Jade Clayton recently received her B.S. in economics and business administration from Towson University in Towson, Maryland. She is currently pursuing a post-baccalaureate certificate in internet application design, and hopes to receive a Master’s in...

  • Thank you for continuing the discussion about relocation the prison/jail complex. I also applaud the idea that the design of prisons might assist in improving inmate experiences so they readjust better when they get out. I also agree that transporting prisoners, alienating prisoners from their families, and ancillary services are significant considerations.

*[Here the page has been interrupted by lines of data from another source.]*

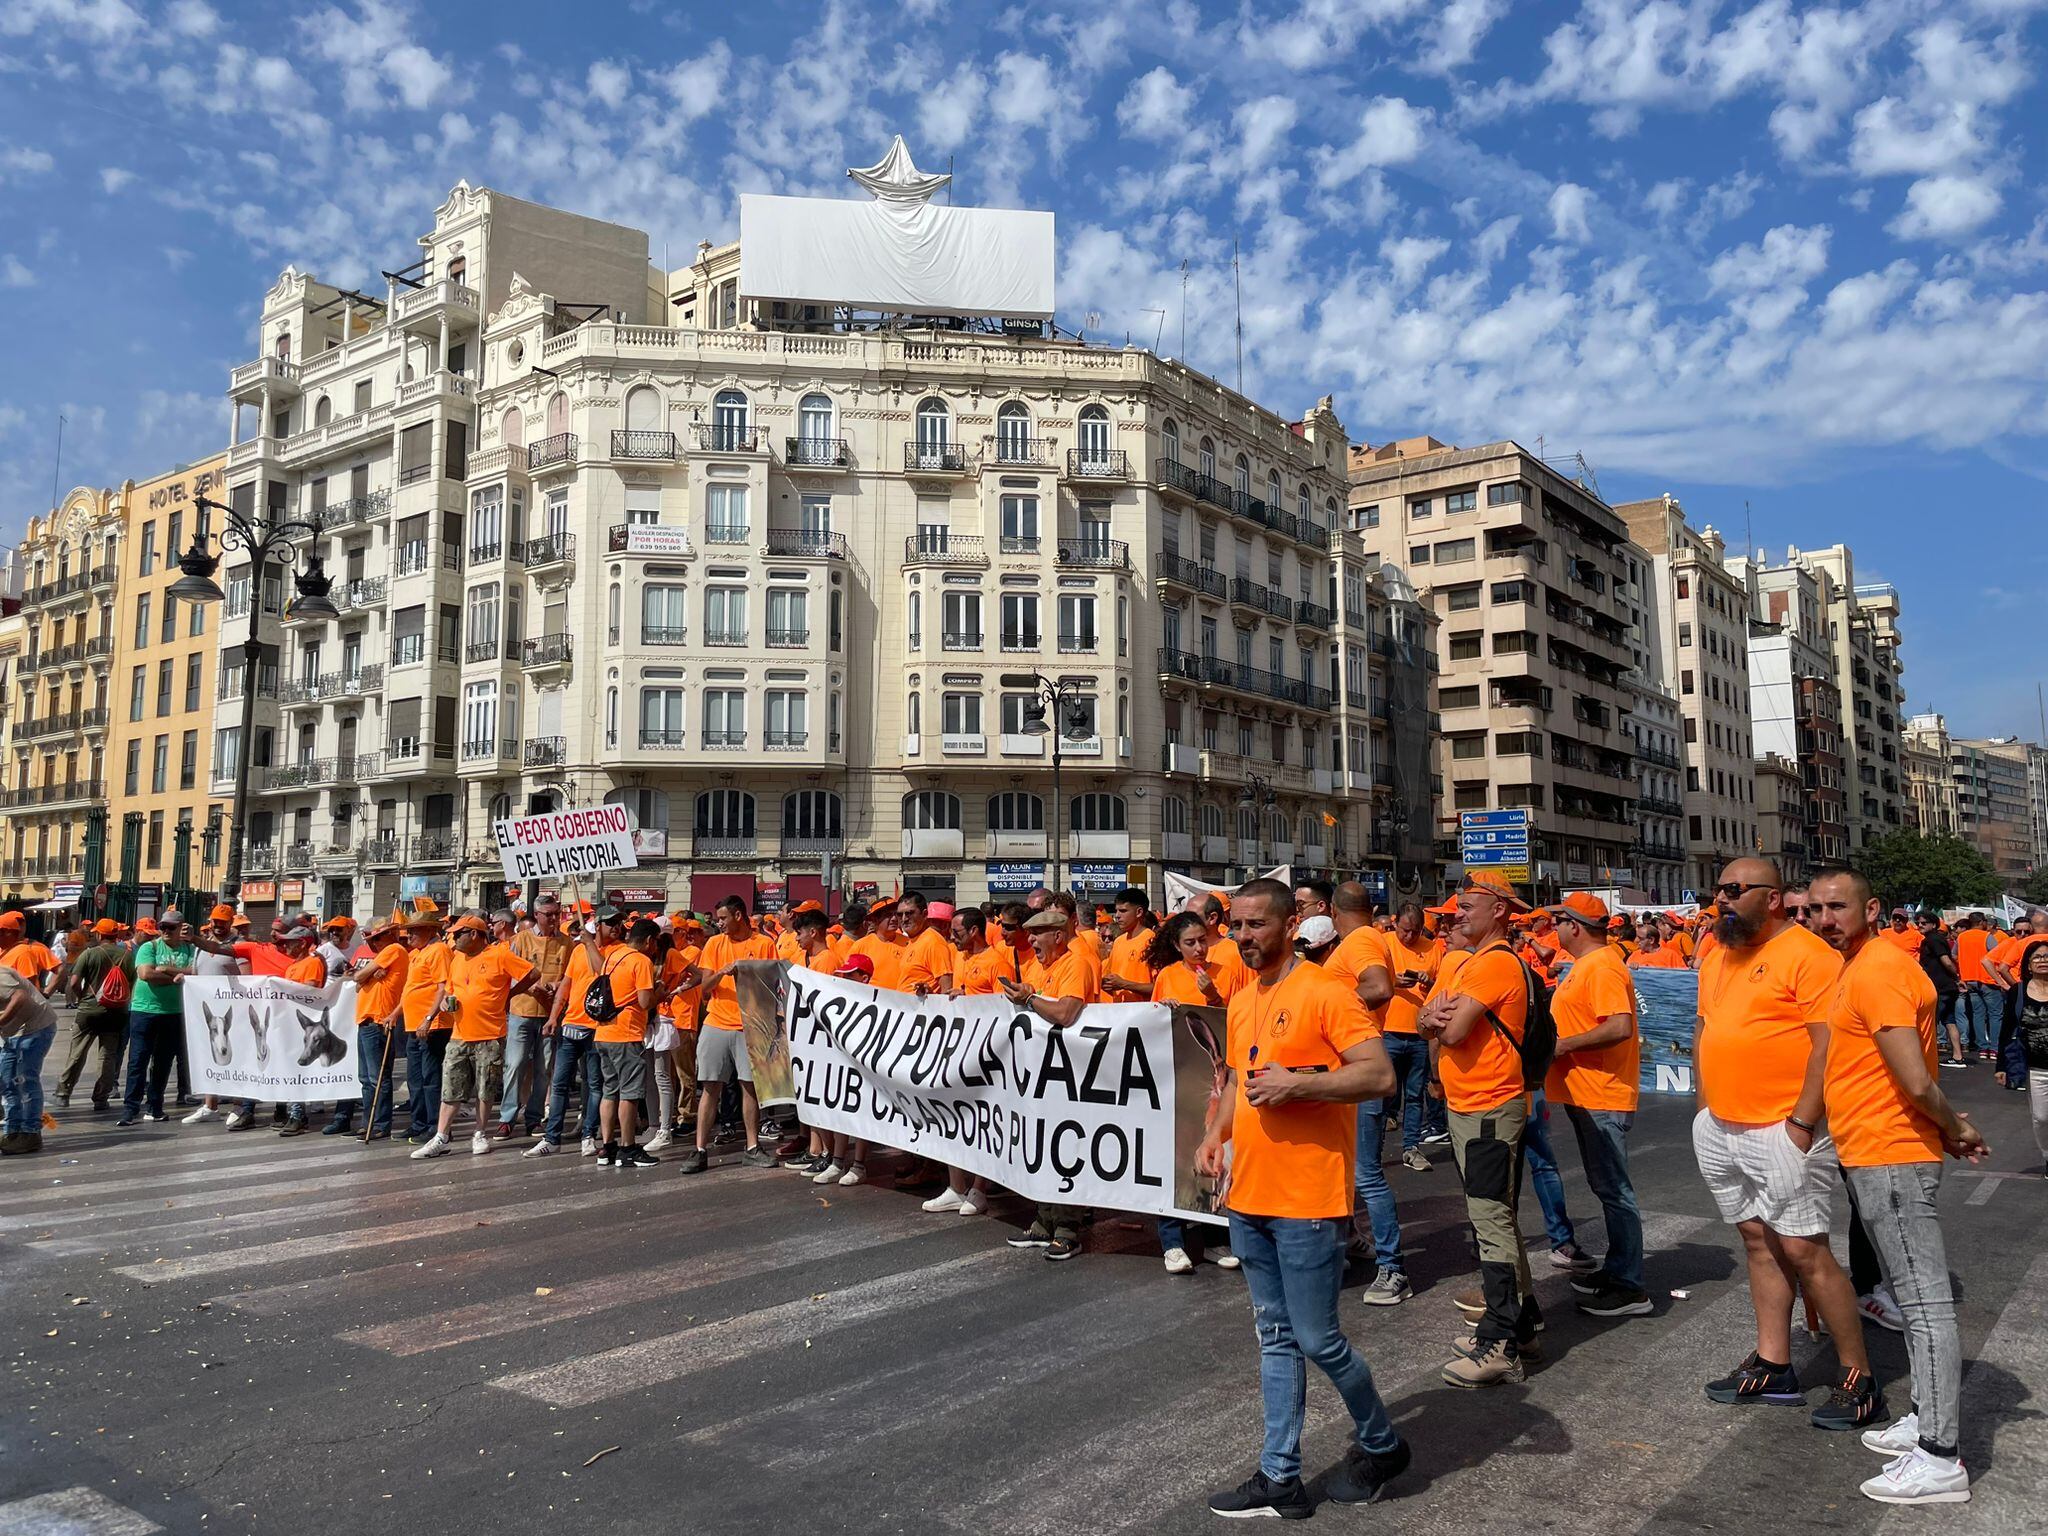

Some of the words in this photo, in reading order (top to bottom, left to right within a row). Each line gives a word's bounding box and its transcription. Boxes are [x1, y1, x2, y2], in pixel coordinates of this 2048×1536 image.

[1004, 319, 1040, 329] GINSA
[149, 481, 188, 511] HOTEL
[496, 824, 515, 848] EL
[514, 818, 554, 846] PEOR
[554, 807, 626, 840] GOBIERNO
[516, 853, 537, 878] DE
[536, 850, 557, 875] LA
[556, 841, 622, 872] HISTORIA
[215, 987, 244, 999] Amics
[246, 987, 262, 999] del
[789, 981, 905, 1074] PASIÓN
[888, 1014, 966, 1088] POR
[958, 1016, 1007, 1090] LA
[1008, 1013, 1162, 1111] CAZA
[206, 1068, 231, 1083] Orgull
[232, 1070, 248, 1081] dels
[283, 1072, 353, 1085] valencians
[791, 1057, 863, 1113] CLUB
[1008, 1110, 1163, 1194] PUÇOL

    You reference crime and inequality in NYC and Washington relative to Baltimore. Discrepancies between these cities are not caused by prison location. Baltimore is a poor city with little money for social services despite high taxes. In fact, it has closed recreation centers recently and has many others in disrepair. If the city had more revenue streams, it could do all kinds of things that would improve quality of life include offer services for the poor and better schools. (part of the city’s revenue challenge is that has such a large percent of its land devoted to non-profit non-tax paying entities like Hospitals, Universities, even parks and golf courses, and social services like the prison, without having many larger tax payers such as a fortune 500 company and other tax paying entities)

    On the map shown, it shows the prison complex, but not all the far greater number of acres of disinvestment to the north, south, and east (The west side is the highway) If the land could be developed densely and take advantage of being near Johns Hopkins Hospital and downtown, it would create millions in tax revenue, a portion of which could be set aside for social services.

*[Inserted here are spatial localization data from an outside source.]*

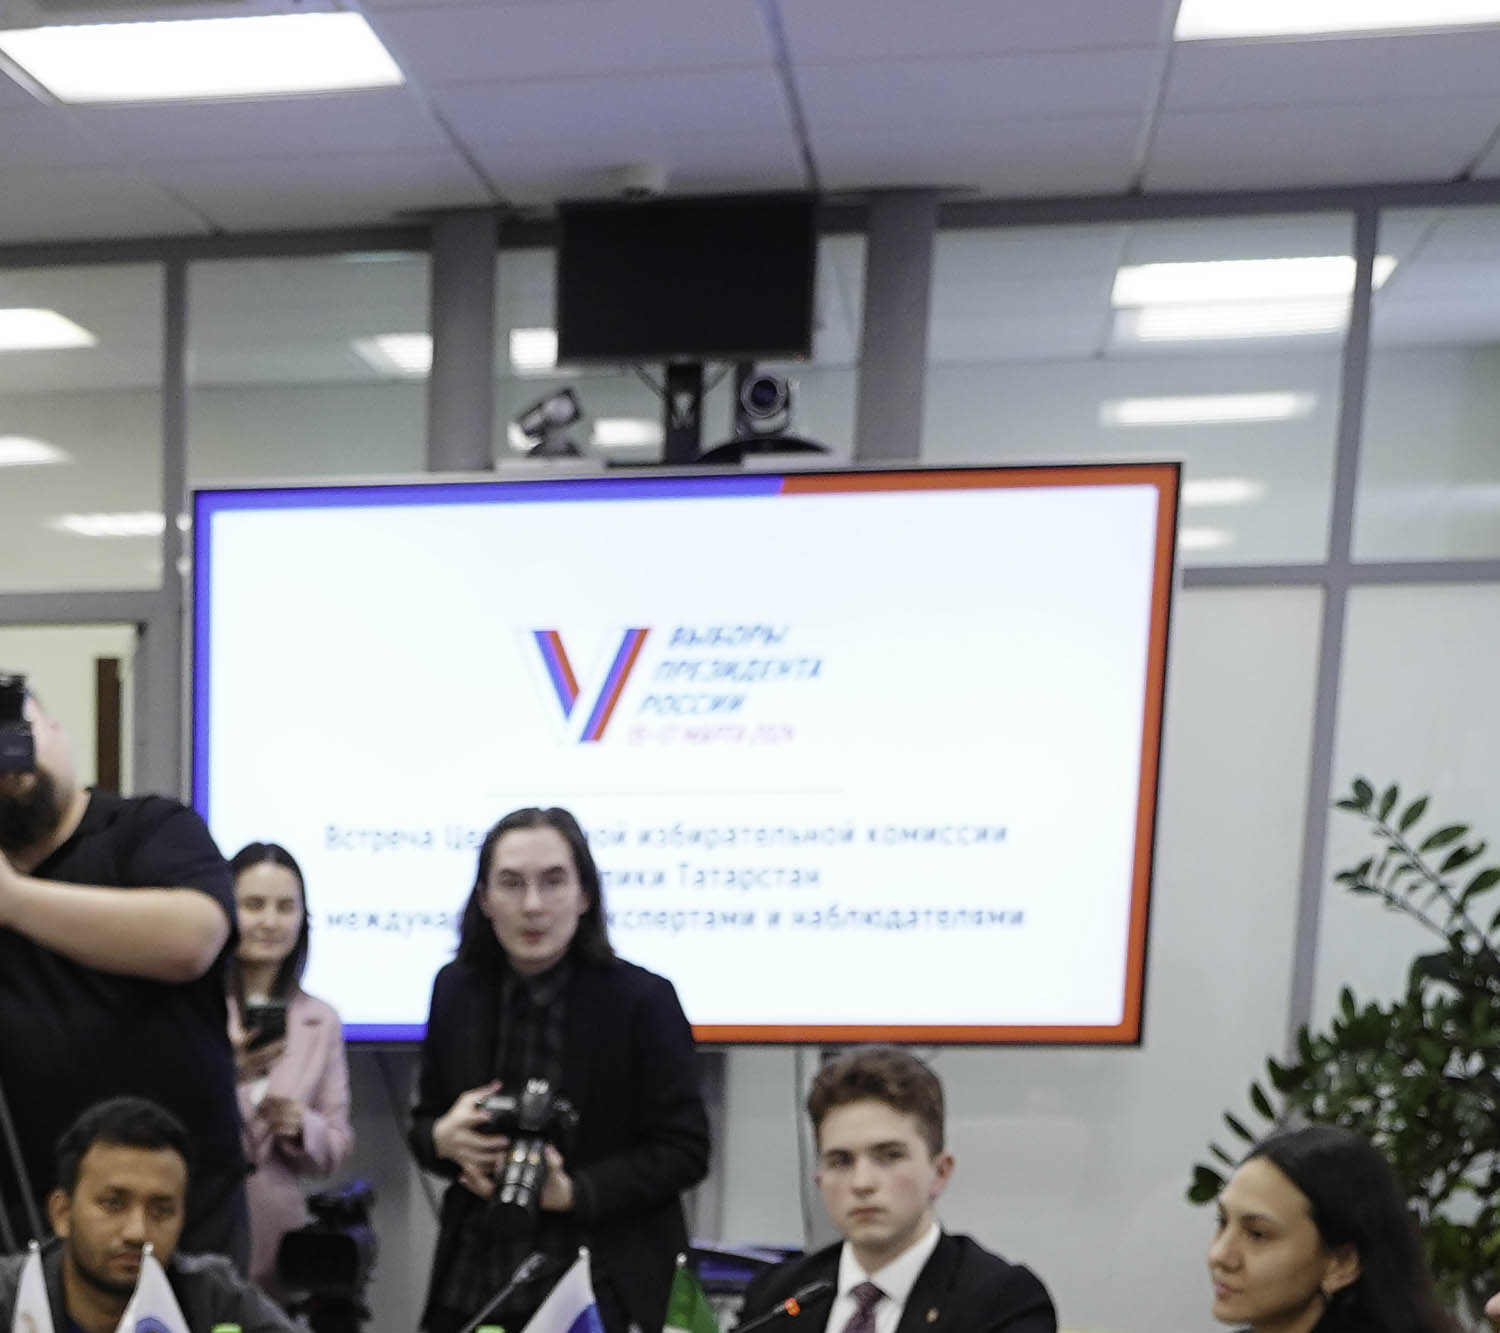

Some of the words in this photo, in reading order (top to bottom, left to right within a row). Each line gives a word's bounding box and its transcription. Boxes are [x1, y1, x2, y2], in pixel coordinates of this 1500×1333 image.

[668, 623, 790, 648] ВЫБОРЫ
[653, 656, 824, 682] ПРЕЗИДЕНТА
[638, 821, 854, 849] избирательной
[867, 823, 1008, 845] комиссии
[678, 863, 821, 890] Татарстан
[793, 904, 1026, 932] наблюдателями

    The article also mentions sprawl. Maryland is projected to grow by 1 million residents by 2035. Opening dozens of acres to development in Baltimore’s economic center would allow for walkable, transit friendly neighborhoods and also jobs for city residents. More growth in the center might reduce more peripheral employment development, which is very hard for the car-less to reach. That too would enhance opportunity for Baltimore city’s urban poor.

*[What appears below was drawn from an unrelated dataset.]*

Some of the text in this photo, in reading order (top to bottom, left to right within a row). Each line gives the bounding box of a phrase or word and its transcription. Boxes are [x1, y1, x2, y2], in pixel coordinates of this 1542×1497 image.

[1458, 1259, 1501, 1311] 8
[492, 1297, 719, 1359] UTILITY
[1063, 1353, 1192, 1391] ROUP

    • Thank you for your comments, Jeff! I enjoyed your piece about moving it, and originally thought I’d just write a blog post expanding on the same idea. Once I started writing, these other ideas and alternatives came to mind, and I’m glad you can appreciate some of the major points.

      I like the idea of focusing development near the center, but I’m skeptical of Baltimore’s ability to develop without further alienating the city’s urban poor as opposed to enhancing their lives. If the city moved the prison and cleared that land for new development, I just don’t think the question “How can we make sure all of the new development around here benefits the urban poor” would take priority over “how can we use new development to attract new and wealthy residents?” Is it bad to attract new residents? No. Like any other major changes that could happen in the city, the move would likely solve some problems and create or worsen other problems, especially if done without considering all these different perspectives. The biggest take away I hope that anyone gets from reading this is that IF the prison really were moved that Baltimore consider more than just what’s to be developed afterward. Basically, that Baltimore consider all cause and effect around moving the prison complex.

      Will you be writing any more about the prison complex or investment into that area? It sounds like you have a lot more to say.